The infamous Enron scandal is used in many colleges today as a way to illustrate improper work ethics in a business. The Enron Company was one the seventh largest companies in more than 40 countries. However, the firm's success turned out to have involved an elaborate scam. Enron lied about its profits and was accused of a range of shady dealings, including concealing debts so they didn't show up in the company's accounts. As the degree of the deception unfolded, investors and creditors retreated, forcing to firm into chapter 11 bankruptcy. Researchers proved that leaders can lead by misinforming their followers, making false claims to justify their actions and can base their actions on the convenient point of view that the ends justify the means. Lying, which one can reasonably assert is unethical is the standard operating procedure often practiced by many sales leaders, political leaders and business leaders. Unethical behavior is today but one tool in the arsenal of many that leaders use in the world to accomplish goals. Since, there is no general theory of ethical leadership, there isn't much research or solid evidence that shows that ethical behavior produces superior "leadership results" in the long term or the short term. And as long as we define "leadership results" as success and do not monitor or analyze the underlying leadership behavior in terms of whether it was ethical or not, we can never show statistically that ethical behavior is a superior result producer than unethical behavior. A significant part of the world is destroyed every day by unethical behavior. Until we develop a solid theory of ethical leadership, begin to monitor leadership from an ethical perspective, and begin to define ethical leadership in positive terms as opposed to today's set of "don't do's", we can not generate the consensus and political will to demand that all leadership consist of ethical leadership. I'm sure the leaders at Enron exercised various styles of leadership but after during research for this paper I'm sure they used the Transactional style was used on a regular basis.
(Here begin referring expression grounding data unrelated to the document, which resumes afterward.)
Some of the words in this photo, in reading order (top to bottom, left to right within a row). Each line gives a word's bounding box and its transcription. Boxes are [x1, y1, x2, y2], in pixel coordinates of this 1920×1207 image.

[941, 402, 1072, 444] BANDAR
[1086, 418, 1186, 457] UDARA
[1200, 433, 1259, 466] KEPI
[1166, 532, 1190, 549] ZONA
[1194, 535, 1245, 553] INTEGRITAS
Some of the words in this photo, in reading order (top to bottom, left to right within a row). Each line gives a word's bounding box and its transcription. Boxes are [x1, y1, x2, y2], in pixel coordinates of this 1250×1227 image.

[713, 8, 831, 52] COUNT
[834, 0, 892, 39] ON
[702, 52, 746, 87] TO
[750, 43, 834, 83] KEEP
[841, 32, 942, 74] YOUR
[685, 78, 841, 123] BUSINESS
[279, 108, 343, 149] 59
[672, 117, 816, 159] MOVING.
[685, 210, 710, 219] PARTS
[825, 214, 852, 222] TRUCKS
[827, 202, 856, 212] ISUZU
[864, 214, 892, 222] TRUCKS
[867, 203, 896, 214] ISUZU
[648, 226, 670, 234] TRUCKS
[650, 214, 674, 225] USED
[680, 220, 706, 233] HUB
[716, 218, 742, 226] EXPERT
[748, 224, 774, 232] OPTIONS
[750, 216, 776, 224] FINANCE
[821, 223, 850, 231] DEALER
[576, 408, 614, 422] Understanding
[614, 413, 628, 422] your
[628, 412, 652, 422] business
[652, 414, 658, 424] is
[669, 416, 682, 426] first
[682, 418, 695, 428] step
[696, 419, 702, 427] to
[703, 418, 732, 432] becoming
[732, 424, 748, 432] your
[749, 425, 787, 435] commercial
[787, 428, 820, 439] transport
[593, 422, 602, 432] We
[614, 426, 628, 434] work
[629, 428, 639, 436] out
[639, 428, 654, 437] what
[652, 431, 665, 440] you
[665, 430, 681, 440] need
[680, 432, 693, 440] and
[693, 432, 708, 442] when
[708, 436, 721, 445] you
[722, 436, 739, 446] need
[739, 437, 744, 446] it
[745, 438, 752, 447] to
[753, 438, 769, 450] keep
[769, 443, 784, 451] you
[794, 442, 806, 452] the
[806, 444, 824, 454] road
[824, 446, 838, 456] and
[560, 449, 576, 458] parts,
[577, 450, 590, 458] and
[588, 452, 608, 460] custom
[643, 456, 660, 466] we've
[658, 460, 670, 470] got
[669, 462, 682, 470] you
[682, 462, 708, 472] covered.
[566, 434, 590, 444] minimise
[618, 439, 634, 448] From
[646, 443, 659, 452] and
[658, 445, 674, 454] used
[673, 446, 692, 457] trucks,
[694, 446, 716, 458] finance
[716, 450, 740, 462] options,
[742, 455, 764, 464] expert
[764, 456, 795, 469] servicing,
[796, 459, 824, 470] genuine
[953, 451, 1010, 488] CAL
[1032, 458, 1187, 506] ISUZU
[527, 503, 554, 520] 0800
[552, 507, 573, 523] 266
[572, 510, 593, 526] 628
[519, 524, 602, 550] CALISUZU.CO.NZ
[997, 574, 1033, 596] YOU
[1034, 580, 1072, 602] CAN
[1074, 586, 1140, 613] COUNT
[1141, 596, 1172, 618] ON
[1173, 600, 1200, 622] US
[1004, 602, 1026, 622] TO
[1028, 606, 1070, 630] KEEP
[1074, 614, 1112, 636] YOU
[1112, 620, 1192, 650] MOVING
Transactional Leadership

Transactional leadership seeks to motivate followers by appealing to their own self interest. Its principles are to motivate by the exchange process. For example, business owners exchange status and wages for the work effort of the employee. In the political environment, politicians may exchange favors or government jobs for votes. Transactional behavior focuses on the accomplishment of tasks and good worker relationships in exchange for desirable rewards. Transactional leadership may encourage the leader to adapt their style and behavior to meet the perceived expectations of the followers. The transactional leader works through creating clear structures whereby it is clear what is required of their subordinates. Punishments are not always mentioned, but they are also well-understood and formal systems of discipline are usually in place. Transactional leadership can encompass four types of behavior: 1.Contingent Reward – is to influence behavior, the leader clarifies the work needed to be accomplished....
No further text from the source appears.